What Is Religion?

Religion consists of beliefs and practices concerning what people hold sacred and consider spiritually significant. It encompasses a variety of systems of religious values, such as monotheism and polytheism. It includes belief in a God or gods and their role in the universe, rituals, ecstasy and spiritual experience, sacred writings, divine authority, and the moral code of behavior. It also involves belief in life after death, and it may motivate people to work for social change.

Anthropologists (scientists who study human societies) have suggested that religion developed from human beings’ attempts to control uncontrollable parts of their environment, such as weather and successful hunting. Unlike magic, which tries to control the environment directly through manipulation, religion supplications appeal to higher powers, gods or goddesses. Religious supplications may include drawing pictures of large animals on cave walls to assure success in hunting, sacrificing food and other necessities for the gods, and reciting prayers.

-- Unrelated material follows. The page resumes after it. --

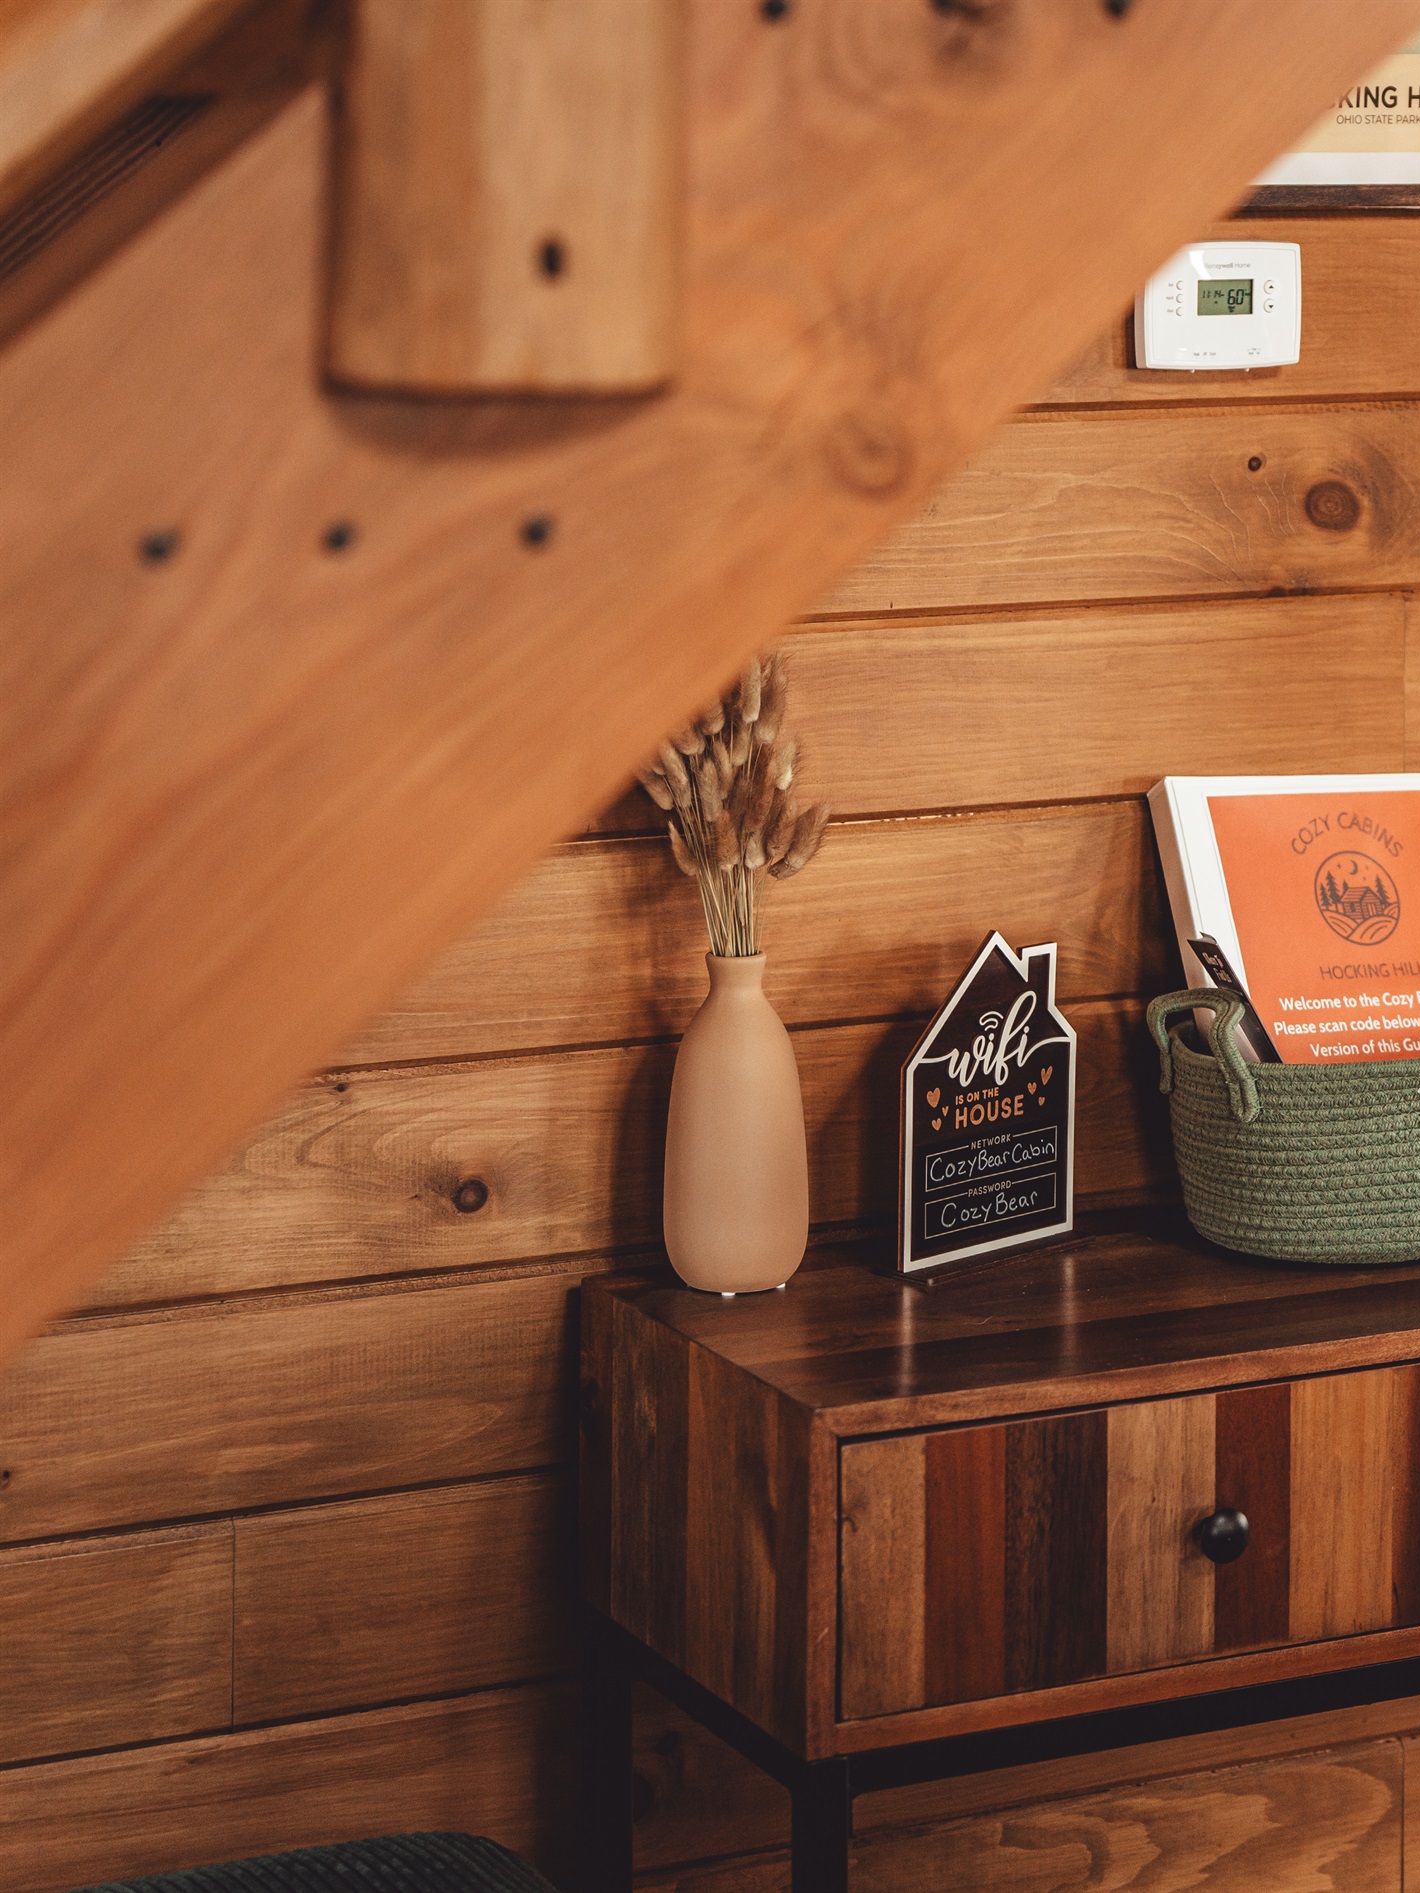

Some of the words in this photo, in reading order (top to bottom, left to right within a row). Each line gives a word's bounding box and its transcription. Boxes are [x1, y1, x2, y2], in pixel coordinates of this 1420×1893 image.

Some philosophers have viewed religion as a reaction to the awareness that humans will eventually die. The German philosopher Hegel, for example, in his concept of historical evolution, emphasized the formative power of religion on human history. French social scientist Auguste Comte, in contrast, in his theory of three stages of human development, favored a more positivistic view of religion and its place alongside science.

Sociologists who study religion are generally in agreement that it has several important consequences for people and societies. It provides meaning and purpose to their lives, reinforces social unity and stability, serves as an agent of social control, promotes psychological and physical well-being, and may motivate people to work for social change. But it is also possible that religion can become a source of intolerance, cruelty, bigotry, social oppression, and self-opinionated nastiness.